Objective: Mandibular condylar fracture has an incidence rate between 14 and 48% of all mandibular fractures. Rigid fixation along with open reduction internal fixation is so far the most successful method to ensure the mandible stays in its natural anatomy. Facial nerve injury is the most feared complication for open reduction methods. We aimed to explain the surgical method using transmasseteric antero-parotid approach in mandibular condylar fractures, through which the buccal branch of the facial nerve is explored and maintained. Material and Methods: Since April 2015 to February 2018, the 12 patients (age range 19-42 years) with 15 fractures were treated with open reduction and internal fixation with transmasseteric antero-parotid approach. There were 9 male and 3 female patients. All patients were reviewed 2 weeks, 4 weeks, 3 months and 6 months after surgery. The clinical follow-up examinations included dental occlusion, maximum mouth opening (interincisal distance), weakness of the facial nerve, postoperatively complications (hematoma, infection,fistula,seroma) and salivary leak. Results: Infection, hematoma, fistula or seroma complications were not observed in any of our cases. The postoperative occlusal relationship was well restored in 11 patients. One patient with bilateral subcondylar fracture had unsatisfactory dental occlusion with anterior open bite. There was no permanent facial nerve palsy. All patients were satisfied with results. Conclusion: In mandibular condylar and subcondylar fractures, the transmasseteric antero-parotid approach is a reliable method that can ensure sufficient exposure and osteosynthesis.

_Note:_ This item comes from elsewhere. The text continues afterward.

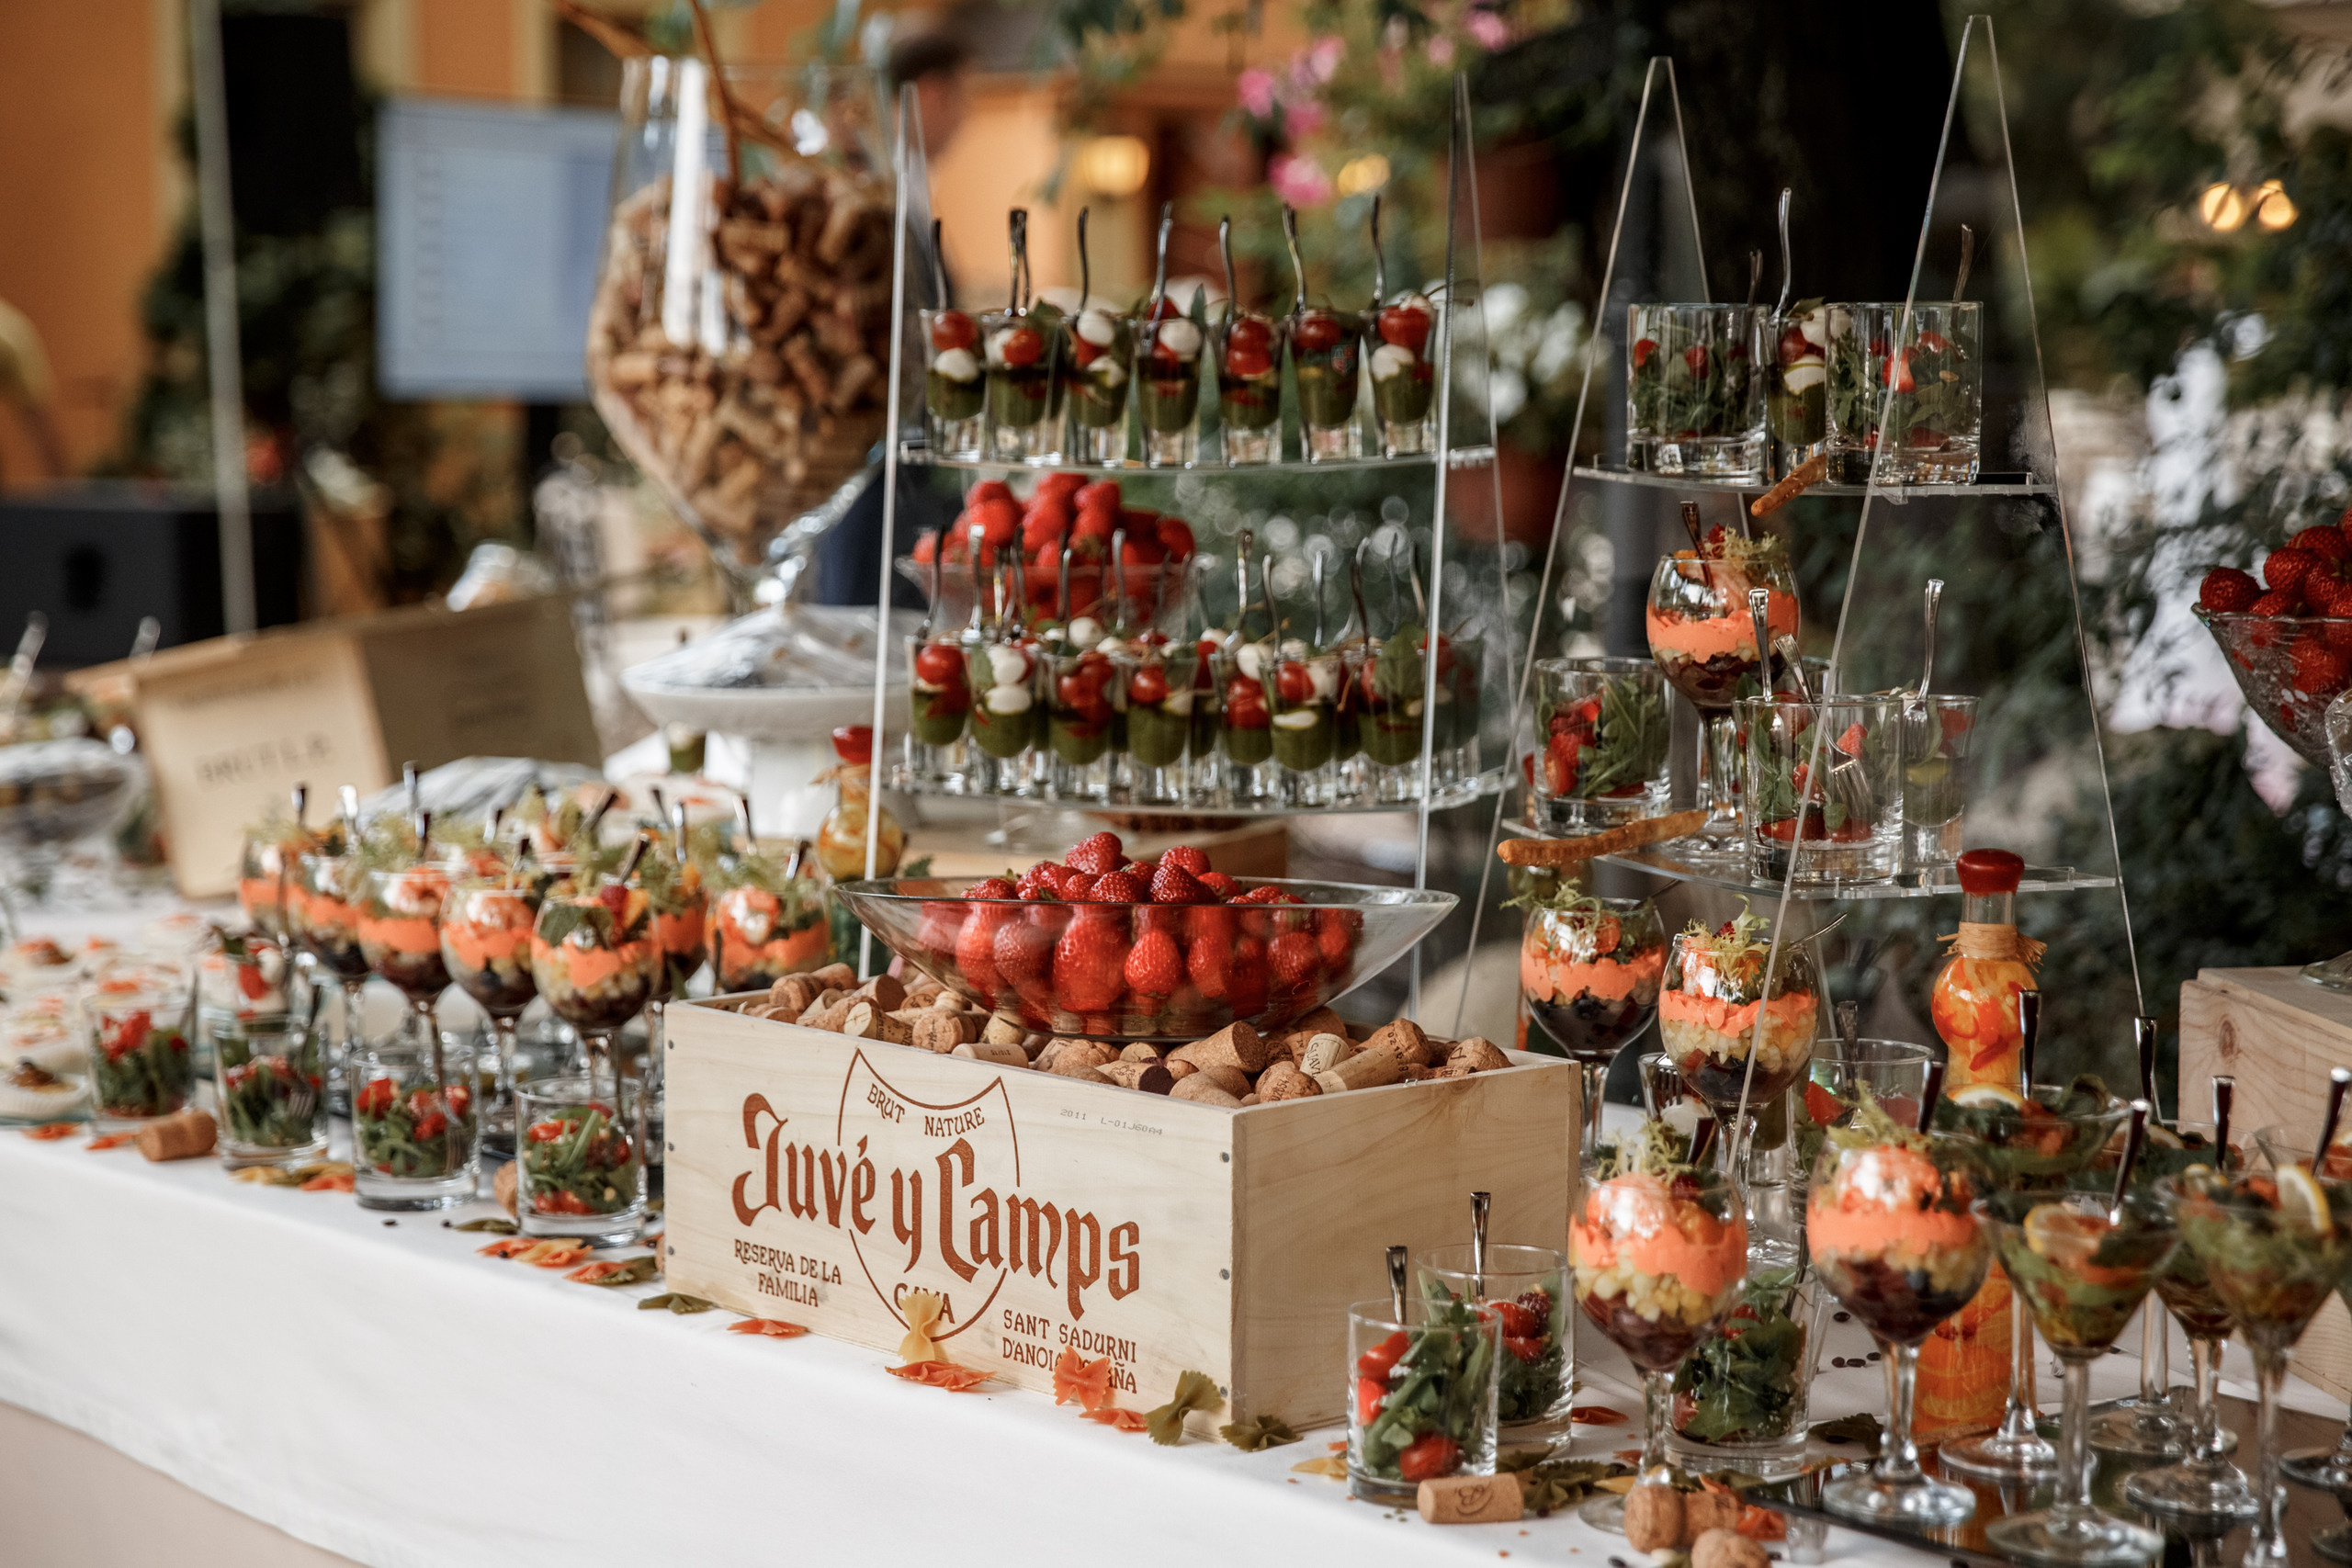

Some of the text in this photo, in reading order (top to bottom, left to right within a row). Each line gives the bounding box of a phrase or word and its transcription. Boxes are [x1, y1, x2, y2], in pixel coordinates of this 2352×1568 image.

Keywords: Facial nerve, mandibular fracture, open reduction, internal fixation


How to cite this article:
Demir CI, Yasar EK, Davun KE, Gok A, Alagoz MS. Facial nerve preservation in transmasseteric antero-parotid approach for open reduction and internal fixation of mandibular subcondylar fracture. Turk J Plast Surg 2020;28:89-92

How to cite this URL:
Demir CI, Yasar EK, Davun KE, Gok A, Alagoz MS. Facial nerve preservation in transmasseteric antero-parotid approach for open reduction and internal fixation of mandibular subcondylar fracture. Turk J Plast Surg [serial online] 2020 [cited 2020 Jun 2];28:89-92. Available from: http://www.turkjplastsurg.org/text.asp?2020/28/2/89/280990




  Introduction Top


Mandibular condylar fracture has an incidence rate between 14% and 48% of all mandibular fractures, and the optimal treatment is controversial despite the common aim of reconstruction of the anatomical position and preservation of function.[1],[2],[3] Rigid fixation with open reduction internal fixation is currently the most successful method to ensure the mandible retains its natural anatomy. Rigid fixation is performed by open surgery and using certain approaches, which include transparotid, intraoral, preauricular, and retromandibular approaches.[4] When using these methods, however, the inability to identify and sufficiently protect the facial nerve in the patient may affect the outcome of the operation. Facial nerve injury is the most common complication. Wilson et al. pioneered an operative approach, the transmasseteric antero-parotid approach (TMAPA), which minimized the risk of this complication.[2] In this paper, we describe our experience of mandibular condylar fractures repair using the TMAPA in which the buccal branch of the facial nerve is explored and maintained.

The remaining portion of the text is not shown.